Set the trial up in hospitals; ensure the smooth running of the trial. • Regular visits to site to ensure data captured is accurate and to collect the data when completed.
• Verifying the data, writing reports as per Drug controller India, FDA regulations, ICH-GCP guidelines.
• Recruitment of investigators, initiation, monitoring and close-down of centres.
• Liaising with doctors and researchers at the site of the trial
• Monitoring progress of trials.
• Meeting with the study staff to sort them out any problems
• Ensuring that the data recorded for the trial is accurate and verifying it against the patients' notes. Checking case record forms for missing data and inconsistencies.
• Tracking patient's samples
• Making sure that supplies at the centre are adequate. Carrying out accountability for any study medication.
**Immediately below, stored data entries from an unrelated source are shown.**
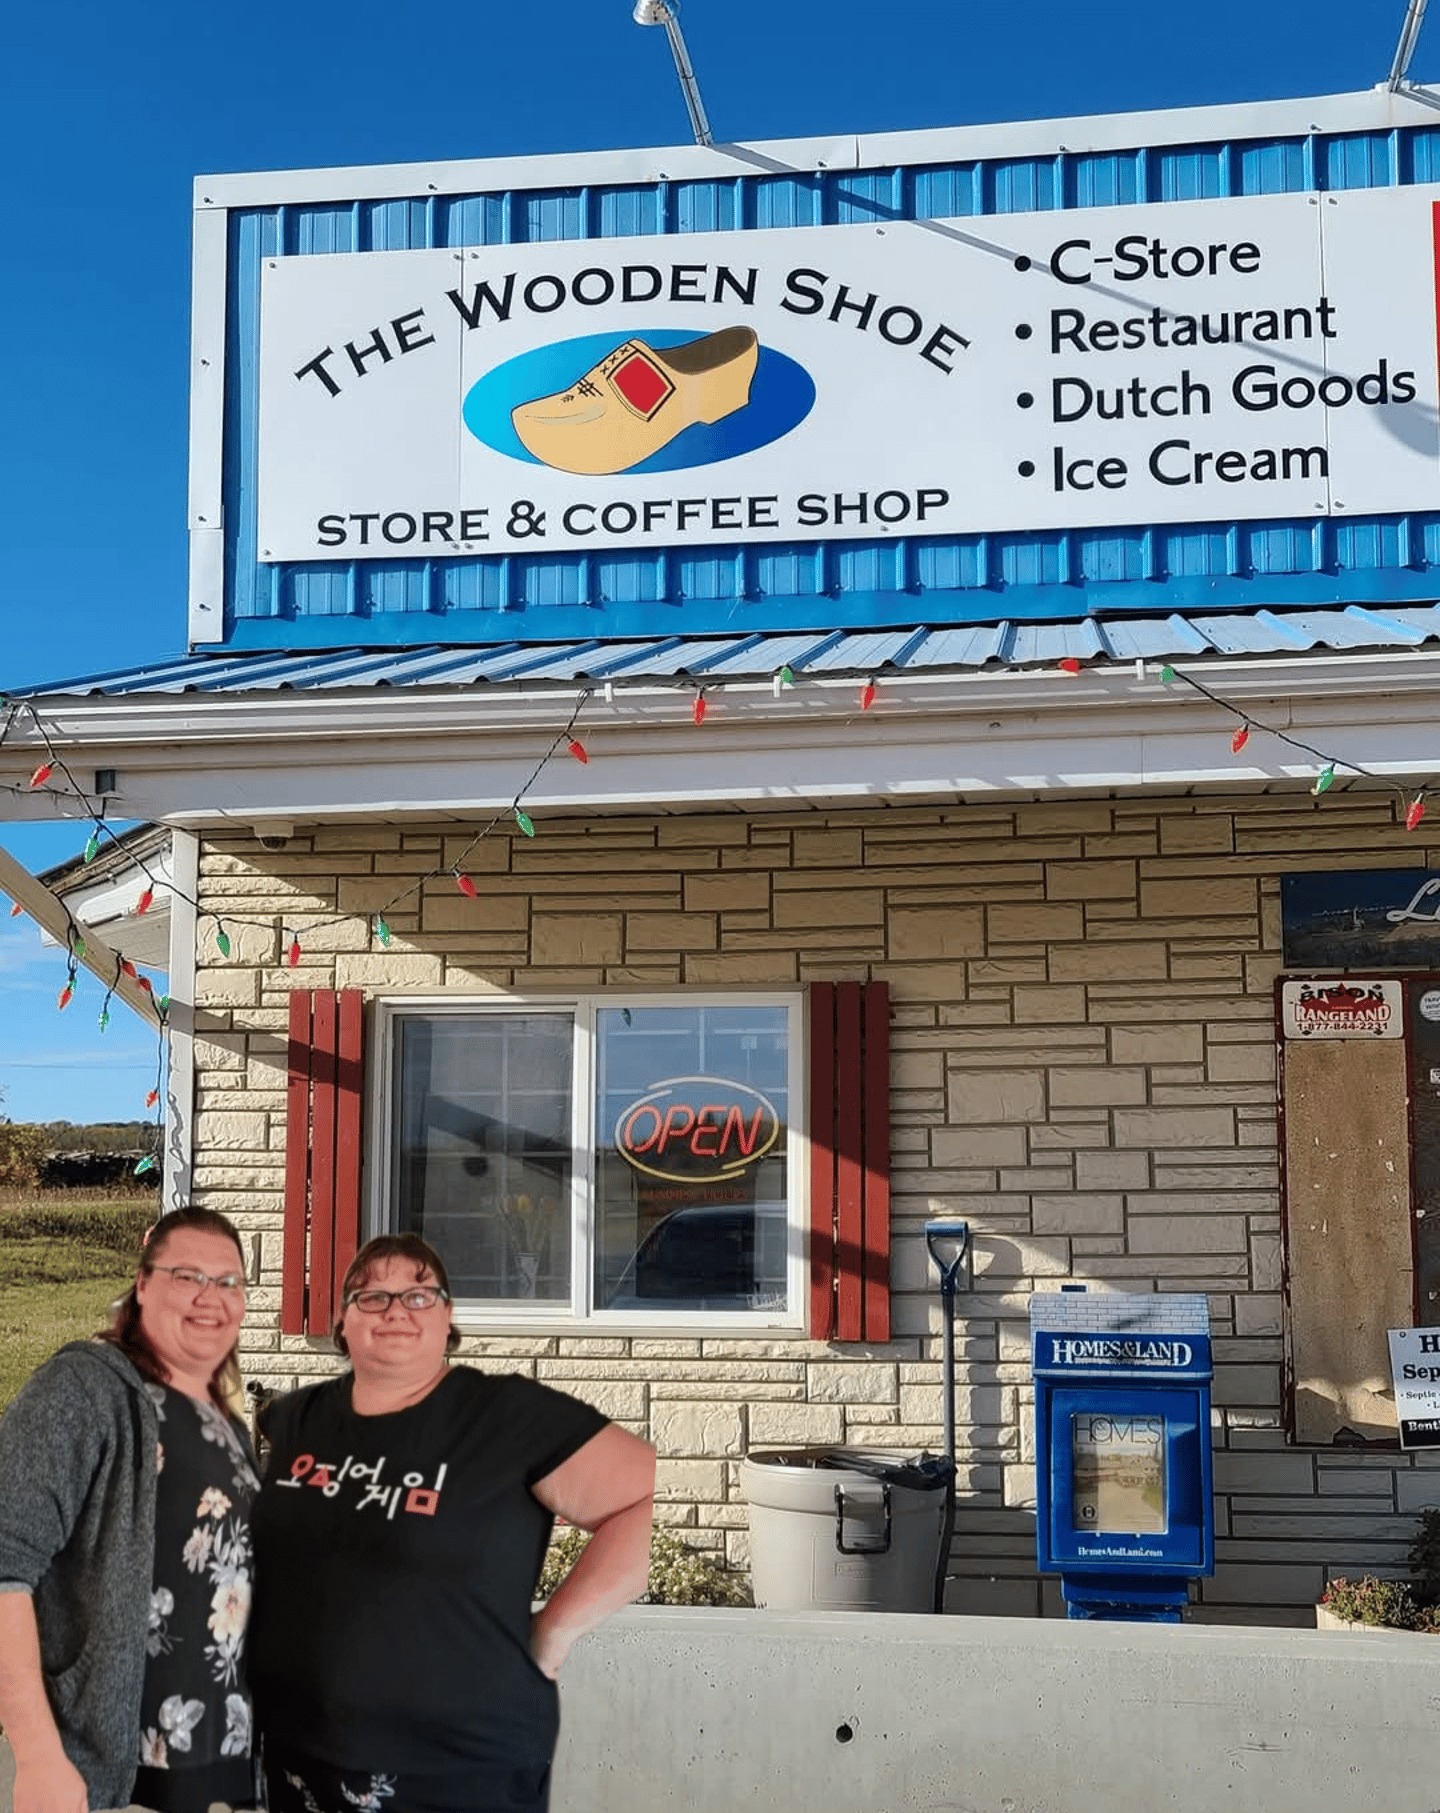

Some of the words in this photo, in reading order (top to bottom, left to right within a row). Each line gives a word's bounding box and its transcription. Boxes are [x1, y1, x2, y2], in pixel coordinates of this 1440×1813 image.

[1050, 235, 1261, 285] C-Store
[294, 307, 436, 398] THE
[445, 264, 760, 331] WOODEN
[779, 267, 972, 376] SHOE
[1051, 296, 1337, 354] Restaurant
[1052, 370, 1211, 423] Dutch
[1232, 358, 1416, 412] Goods
[1054, 446, 1128, 492] Ice
[1148, 439, 1329, 486] Cream
[317, 509, 490, 546] STORE
[506, 500, 546, 539] &
[562, 495, 779, 536] COFFEE
[797, 488, 949, 526] SHOP
[1386, 877, 1440, 922] L
[1295, 1003, 1391, 1022] RANGELAND
[1300, 986, 1384, 1003] BISON
[623, 1104, 764, 1156] OPEN
[1075, 1417, 1161, 1444] HOMES
• Writing-up trial visit reports; Updating status databases; Preparing for visits; and attending project meetings, Maintaining contact lists
• Writing trial protocol why the trial is being conducted, by whom and how it will be performed.
• The study must minimize bias by use of , for example, placebos and double blind trials.
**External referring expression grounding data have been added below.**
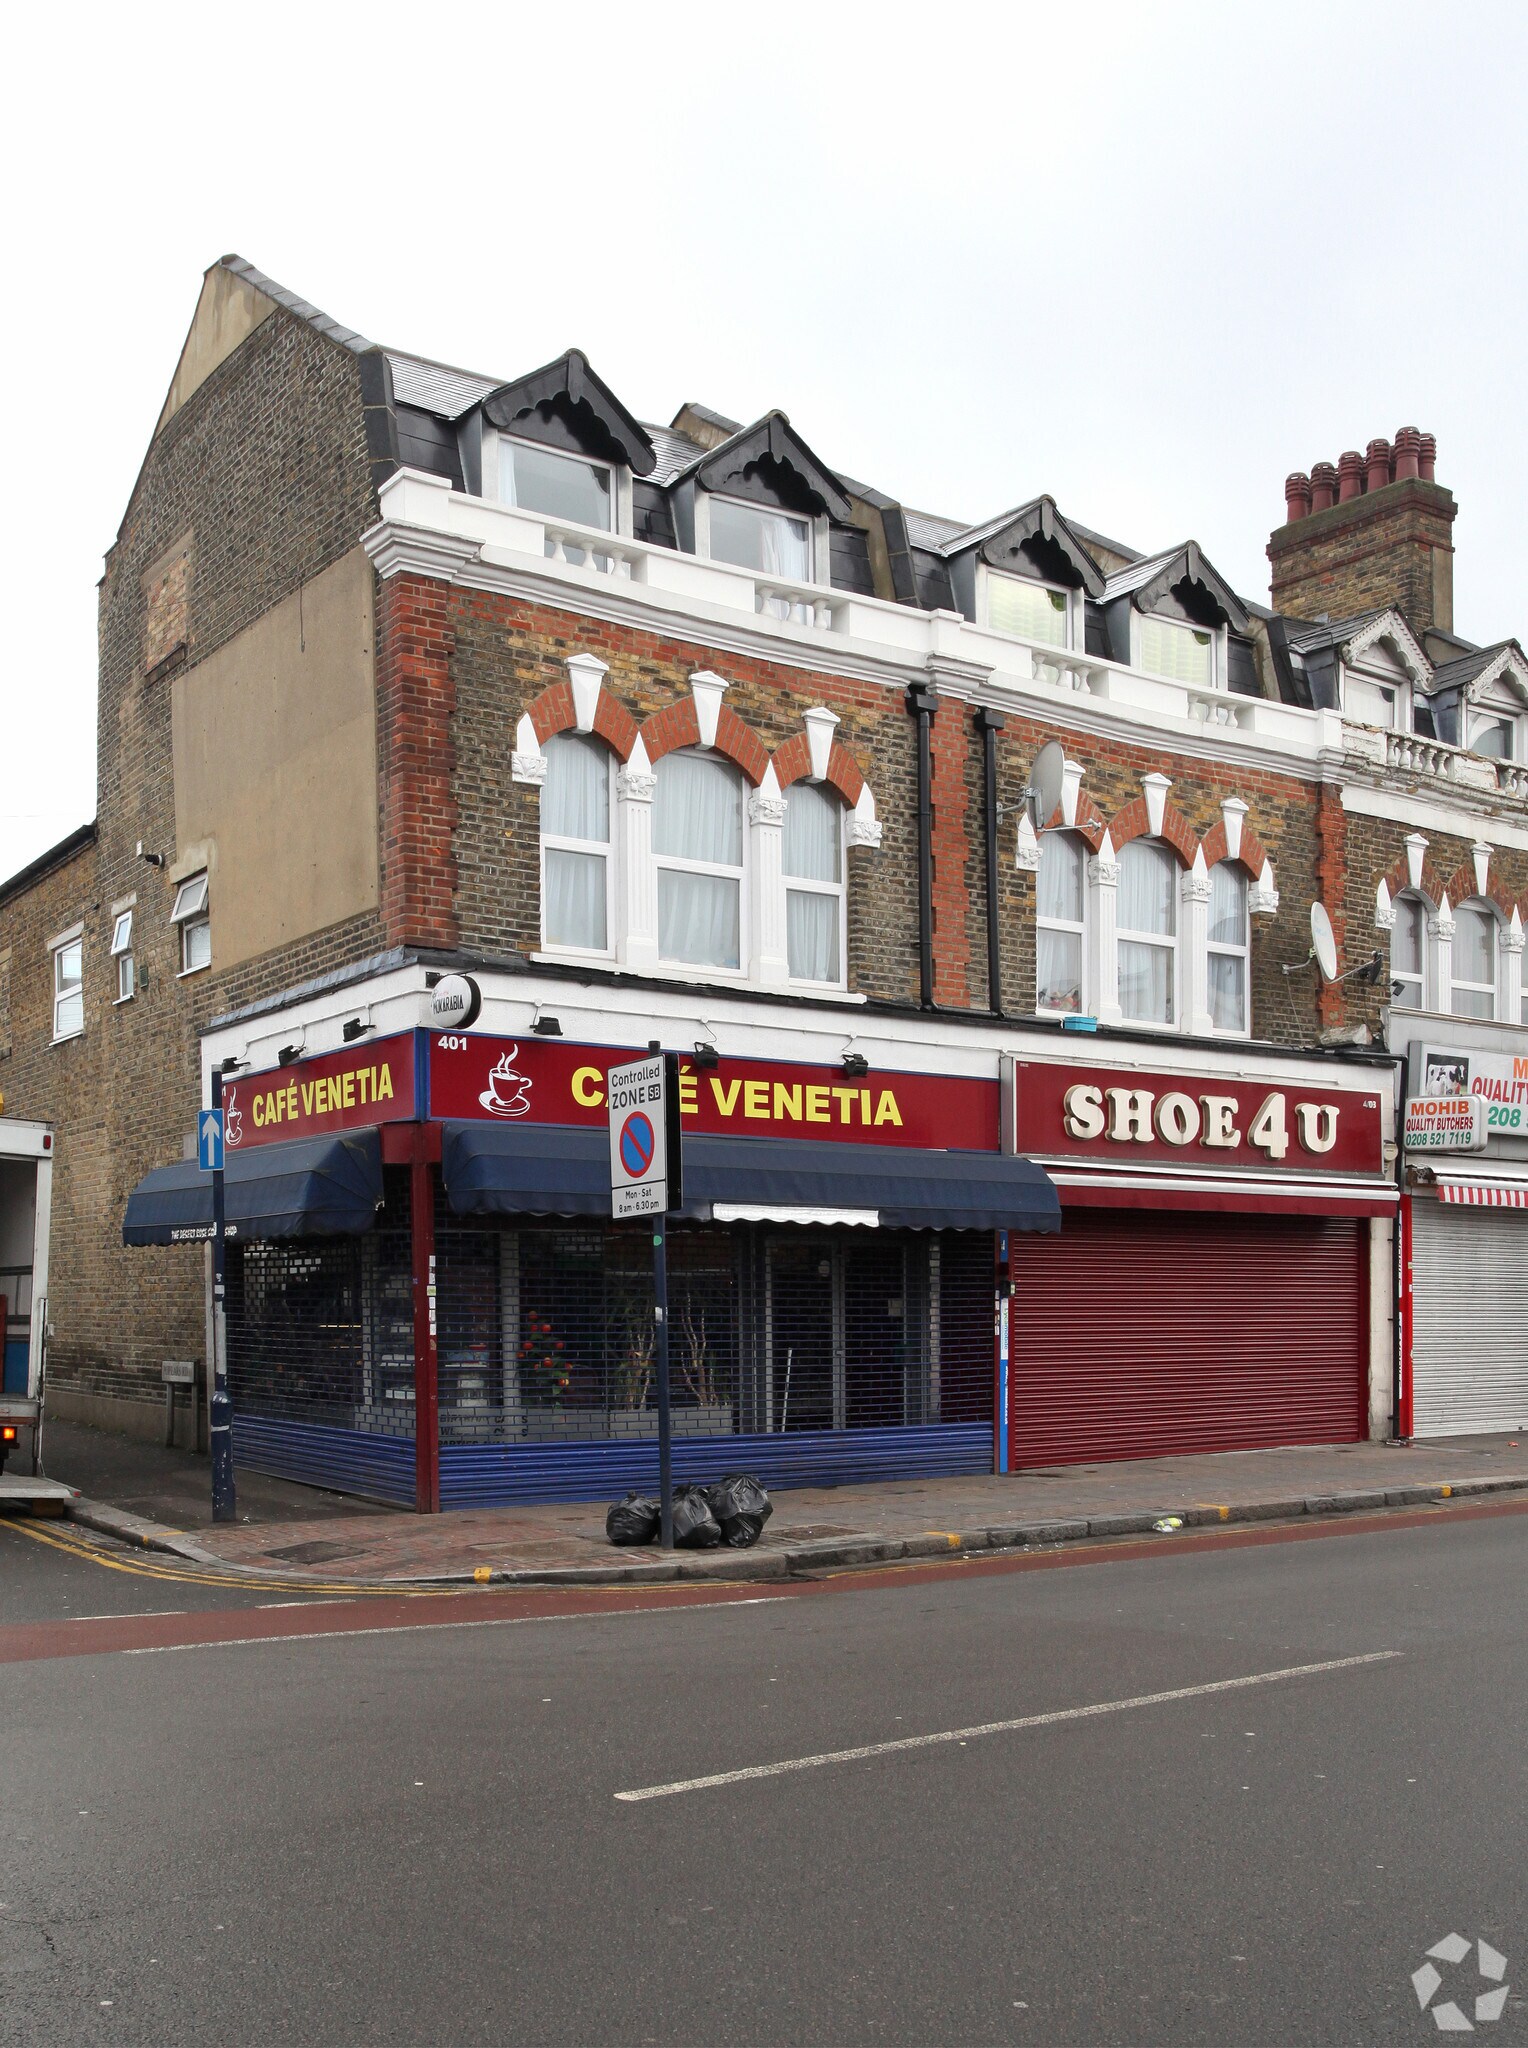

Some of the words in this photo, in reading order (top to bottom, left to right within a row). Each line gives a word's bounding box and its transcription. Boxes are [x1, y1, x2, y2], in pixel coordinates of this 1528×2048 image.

[437, 1035, 467, 1051] 401
[611, 1063, 660, 1088] Controlled
[252, 1078, 299, 1128] CAFÉ
[300, 1063, 394, 1116] VENETIA
[571, 1065, 699, 1114] CÉ
[709, 1077, 904, 1127] VENETIA
[612, 1086, 646, 1110] ZONE
[648, 1085, 660, 1100] SB
[1471, 1076, 1528, 1105] QUALIT
[1410, 1100, 1470, 1116] MOHIB
[1063, 1084, 1242, 1149] SHOE
[1247, 1091, 1289, 1161] 4
[1294, 1102, 1341, 1155] U
[1405, 1117, 1436, 1132] QUALITY
[1436, 1116, 1474, 1131] BUTCHERS
[1405, 1132, 1428, 1147] 0208
[1429, 1132, 1446, 1146] 521
[1449, 1131, 1472, 1145] 7119
[625, 1190, 638, 1199] Mon
[641, 1188, 652, 1197] Sat
• Coordinating ethical and regulatory submissions, Processing payments to consultants
• Answering queries. Discussing results with statisticians.
• Reporting adverse drug reactions to ethics committee, regulatory authorities in prescribed time lines.

B) Biomarker & genetic research in disease diagnosis, treatment, prognosis, and prevention.

• `o valuation of biomarkers for diagnosis of early kidney injury: The current investigations for kidney disease such as creatinine etc. are not sufficient as they become abnormal only after kidney damage occurs of more than 50%. There are also chances of false positive results as this parameter differs with age, sex, race etc. Hence research for suitable biomarkers is essential in this area. We are identifying and validating the potential biomarkers by ELISA technique. • The metabolic syndrome also termed the insulin resistance syndrome, is the concurrence in an individual of multiple metabolic abnormalities and is associated with cardiovascular disease. Type 2 Diabetes mellitus and its complications susceptibility is determined by the combined effects of multiple genetic and environmental factors. The most likely explanation for the dramatic increase in T2DM prevalence observed over the past two decades is changing patterns of diet and physical activity. However, it is believed that these environmental changes may only lead to T2DM in the presence of a permissive genetic background. The drug response is also variable for each patient of metabolic syndrome. The research work is ongoing by evaluation of young patients of metabolic syndrome by emerging biomarkers, biochemical tests & SNPs to diagnose the complications at earlier stage and to assess the drug response and treatment regimens which may reduce these risk factors.